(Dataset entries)
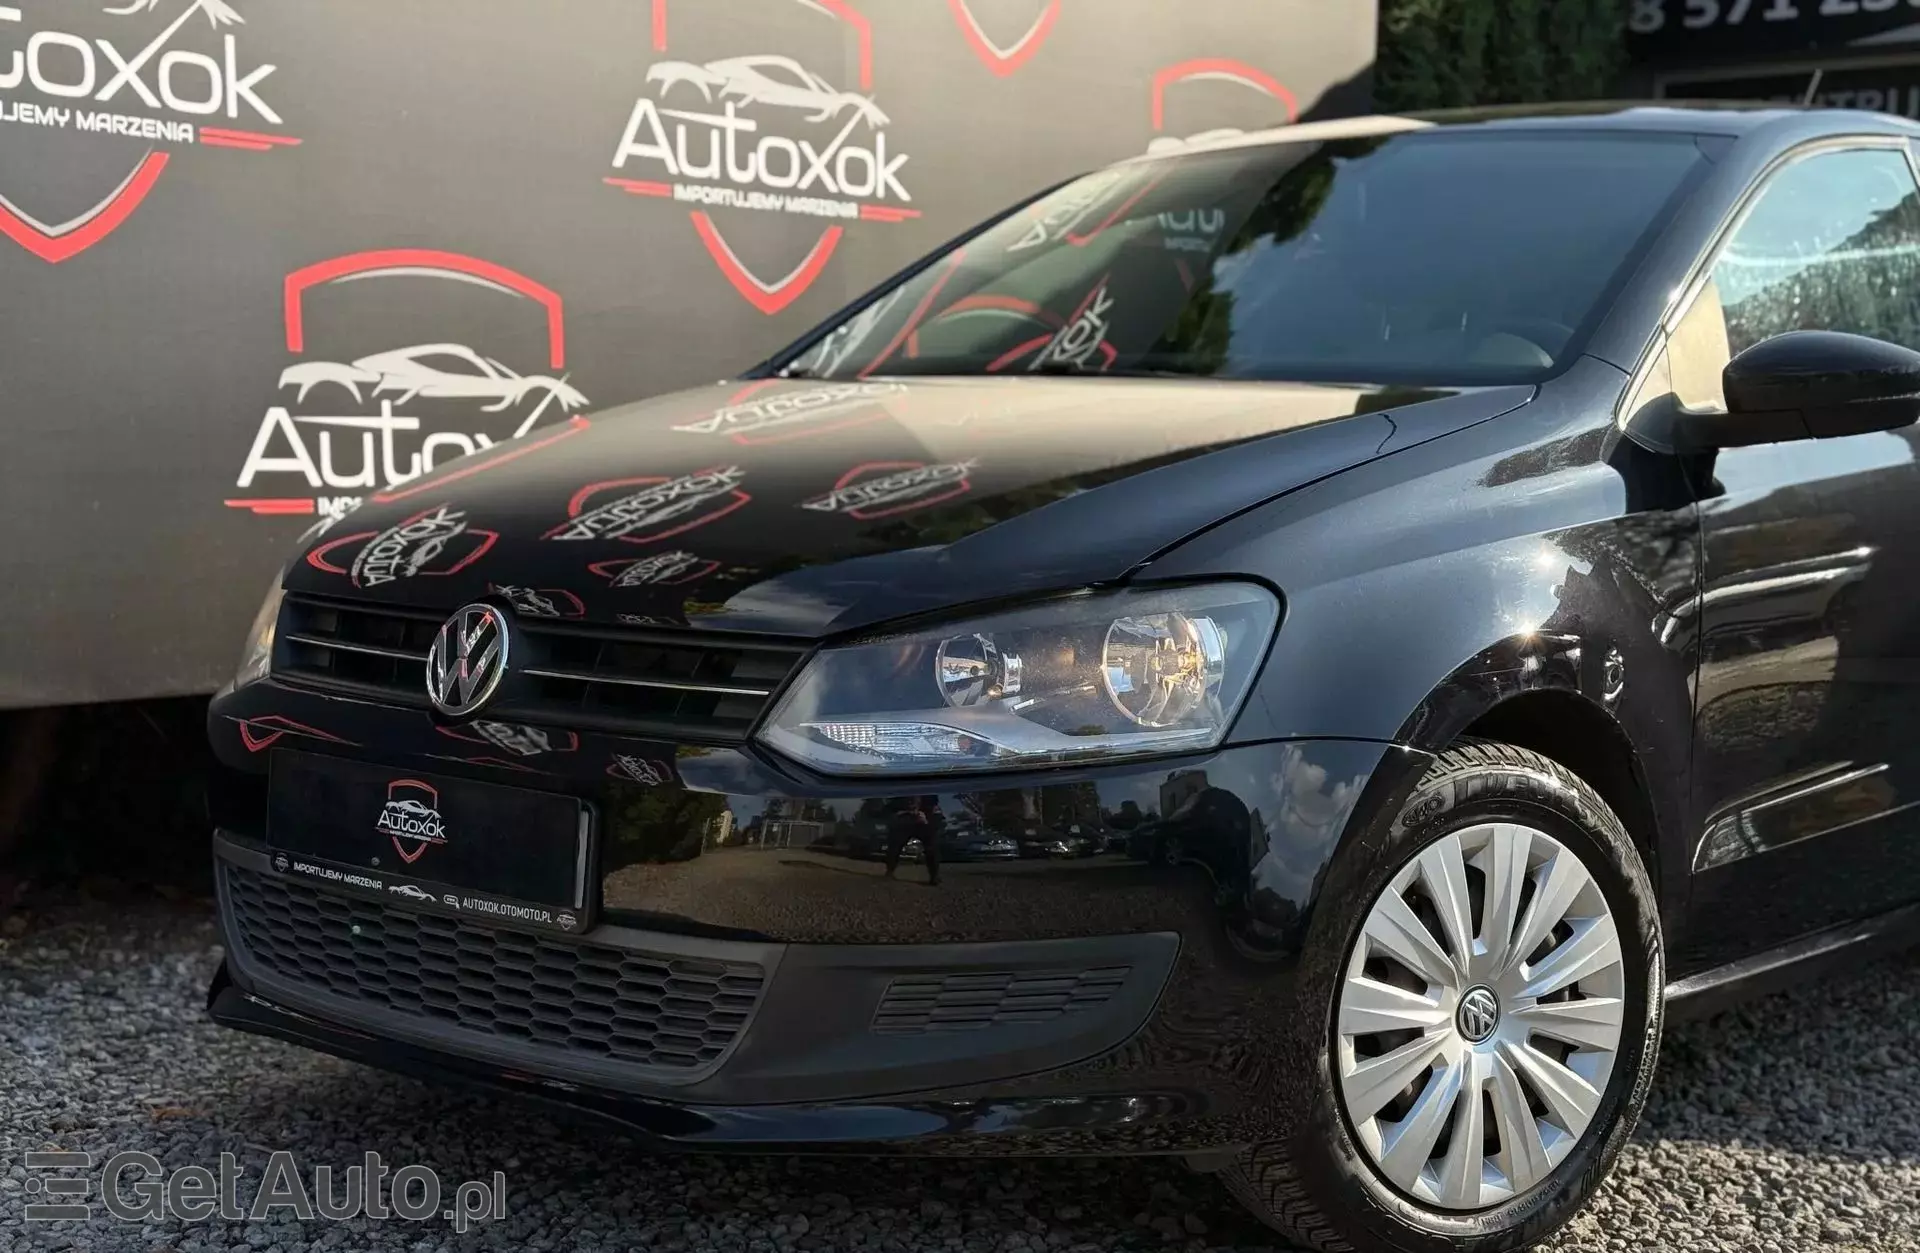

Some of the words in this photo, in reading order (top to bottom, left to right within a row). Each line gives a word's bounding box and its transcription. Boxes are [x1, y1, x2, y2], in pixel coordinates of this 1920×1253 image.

[0, 102, 70, 127] JEMY
[76, 109, 194, 143] MARZENIA
[612, 98, 912, 202] Autoxok
[377, 809, 446, 839] Autoxok
[293, 861, 343, 881] IMPORTUJEMY
[343, 874, 383, 890] MARZENIA
[462, 897, 553, 924] AUTOXOK.OTOMOTO.PL

* What you are asked to do *
Except for the pictures, set down all of the records exactly as they are.

* Task answer *
Some of the words in this photo, in reading order (top to bottom, left to right within a row). Each line gives a word's bounding box and its transcription. Boxes are [x1, y1, x2, y2], in pixel coordinates of this 1920×1253 image.

[0, 102, 70, 127] JEMY
[76, 109, 194, 143] MARZENIA
[612, 98, 912, 202] Autoxok
[377, 809, 446, 839] Autoxok
[293, 861, 343, 881] IMPORTUJEMY
[343, 874, 383, 890] MARZENIA
[462, 897, 553, 924] AUTOXOK.OTOMOTO.PL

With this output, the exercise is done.